Conferences are fabulous things that allow agents, editors, and authors to collide in cosmically-perfect deliciousness. We are there for the authors – on call 24-3 (most conferences are about 3 days long). Additionally, authors can pitch their ideas and books to us in a more formal setting. The downside is that they’re timed and range from 10 down to 3 minutes. THREE MINUTES. Gah.

So how do you cram your fabulosity into 3 steenkin’ minutes? Clarity and brevity are your best friends. Most conferences send out advice to those who are doing pitches, but I thought I’d pass along some of my observations that may enhance authors’ Slobbery Factor. And keep in mind, this doesn’t pertain strictly to conferences, but anywhere you find yourself talking/pitching your book.


Rarely are authors trained actors, so it’s impossible to sound natural while reciting your pitch. Because you’re reciting, you’re not engaging with me, and I want to get a feel for you and your story. Instead, I can almost see your brain kicking into high gear in order not to miss a single point. Your focus is on not screwing up, not on engaging me.

Whether it’s at a writer’s conference, a bar, or hanging out in your backyard, the idea is to connect with the person you’re talking to, and memorizing your pitch creates a barrier that’s hard to penetrate. I found this when I stopped authors in mid-pitch to get clarification on a point. My interruption threw them off, and I felt terrible for causing them to stumble around while mentally trying to remember where they’d left off. It was all very unnatural.

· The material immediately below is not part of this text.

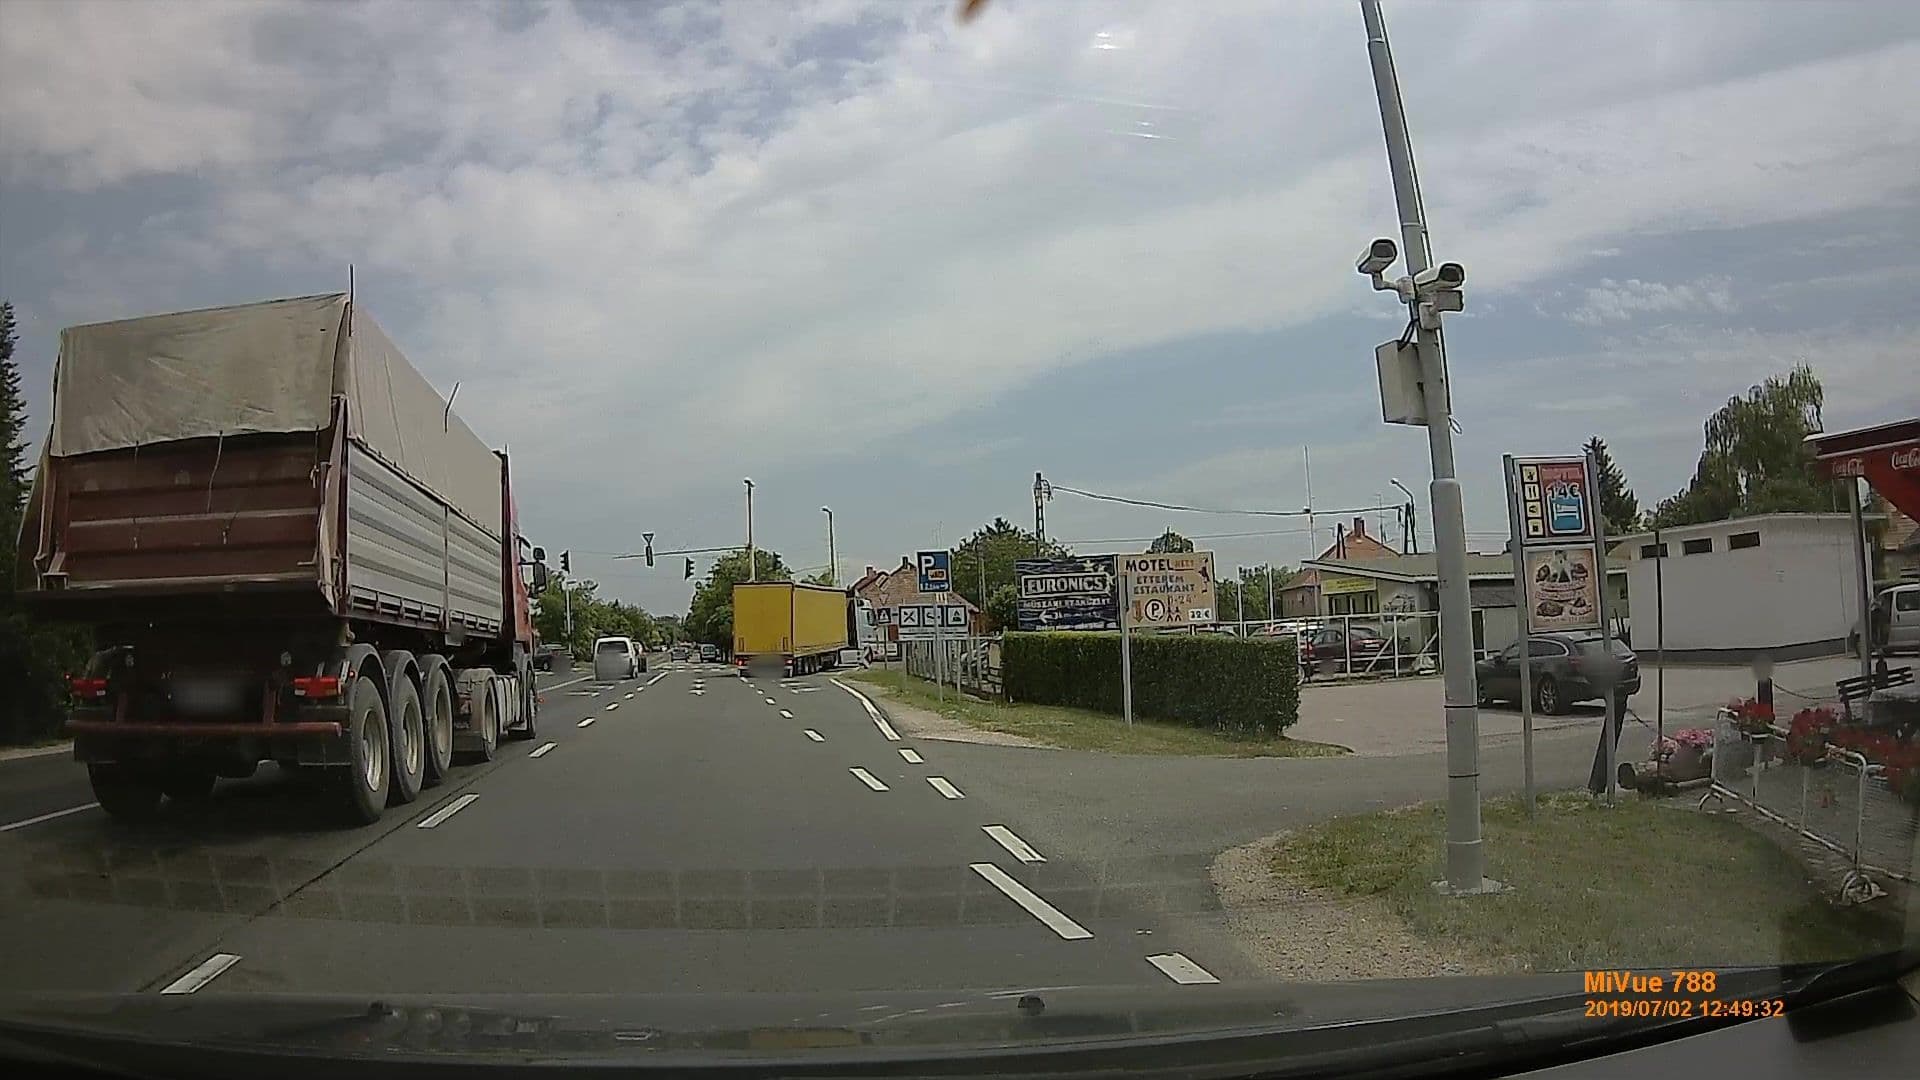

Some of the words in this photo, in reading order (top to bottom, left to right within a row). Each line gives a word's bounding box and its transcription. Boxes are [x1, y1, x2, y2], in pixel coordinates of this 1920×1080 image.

[921, 555, 935, 576] P
[1126, 559, 1174, 572] MOTEL
[1027, 576, 1104, 594] EURONICS

Hook – That One-Sentence Piece of Loveliness

A little tool that may help you is relying on your hook to do the enticing. I found myself asking many times over the weekend, “What’s your hook?”…meaning, what is the main pulling feature to the story? Puzzled as to what I was asking, authors gave their full pitch, and neglected to include the compelling elements that would pull me into their story.

In the world of publishing, less is better. If you’re taking five, ten, fifteen minutes to explain your story (which happens a lot), then I’m searching my purse for a rope and checking out the ceiling rafters.The idea is to get people asking for more, not looking for a way to check out on a permanent basis.

If you keep your hook to one sentence, then you’re inviting people to lean and and ask for more.

Example of a miss:

Janie works in a science lab and sees firsthand how hilarious and poignant her experiences are when working with patients.

The problem is those hilarious and poignant stories are the hook, and that is what’s missing here. The author has reduced her character to a one-dimensional chess piece who is simply moving around those stories. Nothing compelling here. It’s a pass.

Example of a hit:

A reluctant romance publisher works overtime to protect the identity of her newest author, an internationally known legal thriller, from a nosy book reviewer desperate for a juicy story in order to save his own career.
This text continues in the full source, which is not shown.